_TRY IT_
Only an exact retyping of all the entries counts as an answer.

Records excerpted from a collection
-------------------------

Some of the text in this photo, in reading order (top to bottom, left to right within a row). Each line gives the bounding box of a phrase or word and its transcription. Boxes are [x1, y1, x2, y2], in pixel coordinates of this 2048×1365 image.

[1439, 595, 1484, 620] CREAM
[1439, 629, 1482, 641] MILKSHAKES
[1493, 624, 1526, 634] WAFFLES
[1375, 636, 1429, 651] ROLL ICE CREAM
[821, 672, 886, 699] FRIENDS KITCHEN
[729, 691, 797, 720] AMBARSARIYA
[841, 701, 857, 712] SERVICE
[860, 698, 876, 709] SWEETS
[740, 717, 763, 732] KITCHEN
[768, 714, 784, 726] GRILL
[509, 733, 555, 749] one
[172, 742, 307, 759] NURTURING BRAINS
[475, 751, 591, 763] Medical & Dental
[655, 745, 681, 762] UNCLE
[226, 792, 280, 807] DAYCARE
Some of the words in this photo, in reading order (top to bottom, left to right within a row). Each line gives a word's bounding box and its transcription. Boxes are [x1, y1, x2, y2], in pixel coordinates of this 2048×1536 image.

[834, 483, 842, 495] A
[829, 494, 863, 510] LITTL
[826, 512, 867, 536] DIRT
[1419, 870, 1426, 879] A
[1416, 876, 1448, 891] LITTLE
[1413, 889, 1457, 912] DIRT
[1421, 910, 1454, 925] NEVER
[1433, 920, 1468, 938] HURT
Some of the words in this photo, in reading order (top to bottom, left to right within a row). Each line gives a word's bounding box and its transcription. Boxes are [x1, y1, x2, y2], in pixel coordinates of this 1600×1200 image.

-------------------------

_TASK ANSWER_
Some of the text in this photo, in reading order (top to bottom, left to right within a row). Each line gives the bounding box of a phrase or word and its transcription. Boxes are [x1, y1, x2, y2], in pixel coordinates of this 2048×1365 image.

[1439, 595, 1484, 620] CREAM
[1439, 629, 1482, 641] MILKSHAKES
[1493, 624, 1526, 634] WAFFLES
[1375, 636, 1429, 651] ROLL ICE CREAM
[821, 672, 886, 699] FRIENDS KITCHEN
[729, 691, 797, 720] AMBARSARIYA
[841, 701, 857, 712] SERVICE
[860, 698, 876, 709] SWEETS
[740, 717, 763, 732] KITCHEN
[768, 714, 784, 726] GRILL
[509, 733, 555, 749] one
[172, 742, 307, 759] NURTURING BRAINS
[475, 751, 591, 763] Medical & Dental
[655, 745, 681, 762] UNCLE
[226, 792, 280, 807] DAYCARE
Some of the words in this photo, in reading order (top to bottom, left to right within a row). Each line gives a word's bounding box and its transcription. Boxes are [x1, y1, x2, y2], in pixel coordinates of this 2048×1536 image.

[834, 483, 842, 495] A
[829, 494, 863, 510] LITTL
[826, 512, 867, 536] DIRT
[1419, 870, 1426, 879] A
[1416, 876, 1448, 891] LITTLE
[1413, 889, 1457, 912] DIRT
[1421, 910, 1454, 925] NEVER
[1433, 920, 1468, 938] HURT
Some of the words in this photo, in reading order (top to bottom, left to right within a row). Each line gives a word's bounding box and its transcription. Boxes are [x1, y1, x2, y2], in pixel coordinates of this 1600×1200 image.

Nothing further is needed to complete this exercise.